The ACLU of Rhode Island filed a federal lawsuit in July on behalf of Pombo, a 62-year-old saxophonist, who had been arrested once, and threatened with arrest on numerous other occasions, while playing his saxophone on sidewalks and street corners in Providence. His “permission to perform” license issued by the city also prohibited Pombo from soliciting donations for his performances, and it allowed him to perform solely at the unbridled discretion of police officers. The ACLU argued this violated Pombo’s free speech and due process rights.
As a result of today’s settlement, filed in U.S. District Court, the City of Providence can no longer order Pombo to stop performing on public property or require him to obtain a permit to perform on public property absent violation of any other valid ordinances. The settlement agreement further stipulates that “because soliciting donations is protected speech under the First Amendment,” the City cannot stop Pombo from soliciting or accepting donations for his performances. The City also agreed to pay compensatory damages.
The lawsuit was filed by ACLU of RI volunteer attorneys Shannah Kurland and John W. Dineen.
Kurland said today: “We appreciate that the City was able to work with us to acknowledge Mr. Pombo's right to make music in public spaces. Let's hope that going forward municipal government will respect the Constitution without people having to sue our own city.”
Attorney Dineen added: "Ben Franklin, who was a busker in his early days, will be glad to see that the First Amendment still has some life in it, although it takes a street saxophonist and the ACLU to keep it going."
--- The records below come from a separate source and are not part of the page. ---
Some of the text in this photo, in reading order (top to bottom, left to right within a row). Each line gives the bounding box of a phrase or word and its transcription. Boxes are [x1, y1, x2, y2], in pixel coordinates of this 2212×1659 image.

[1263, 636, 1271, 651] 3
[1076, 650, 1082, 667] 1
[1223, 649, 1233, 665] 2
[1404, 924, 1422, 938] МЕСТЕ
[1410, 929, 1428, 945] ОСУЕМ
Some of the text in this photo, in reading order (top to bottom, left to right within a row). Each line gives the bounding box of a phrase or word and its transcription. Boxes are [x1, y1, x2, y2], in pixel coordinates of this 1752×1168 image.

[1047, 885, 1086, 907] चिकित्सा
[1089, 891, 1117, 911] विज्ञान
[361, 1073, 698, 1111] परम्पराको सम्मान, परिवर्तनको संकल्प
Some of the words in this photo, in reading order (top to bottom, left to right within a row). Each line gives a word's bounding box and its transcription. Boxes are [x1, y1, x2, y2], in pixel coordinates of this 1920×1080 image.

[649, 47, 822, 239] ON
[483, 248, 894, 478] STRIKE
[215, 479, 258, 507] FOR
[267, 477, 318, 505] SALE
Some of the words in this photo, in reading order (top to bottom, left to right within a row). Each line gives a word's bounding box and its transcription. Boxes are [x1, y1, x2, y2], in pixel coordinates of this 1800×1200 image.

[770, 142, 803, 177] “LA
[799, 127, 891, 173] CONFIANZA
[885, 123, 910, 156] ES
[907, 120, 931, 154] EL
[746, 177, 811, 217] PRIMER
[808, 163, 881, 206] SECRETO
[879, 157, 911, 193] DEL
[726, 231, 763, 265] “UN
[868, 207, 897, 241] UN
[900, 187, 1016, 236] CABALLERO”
This is the third lawsuit in five years that the ACLU of Rhode Island has filed against the City of Providence for interfering with the exercise of free speech rights on City public property. Two years ago, a federal judge agreed with the ACLU that Providence police violated the free speech rights of a local resident when she was barred from peacefully leafleting on a public sidewalk in front of a building where then-Mayor David Cicilline was speaking. In 2014, the ACLU sued the Providence Police Department for violating the free speech rights of protesters at a fundraiser in Roger Williams Park for then-Gubernatorial candidate Gina Raimondo. That case is ongoing.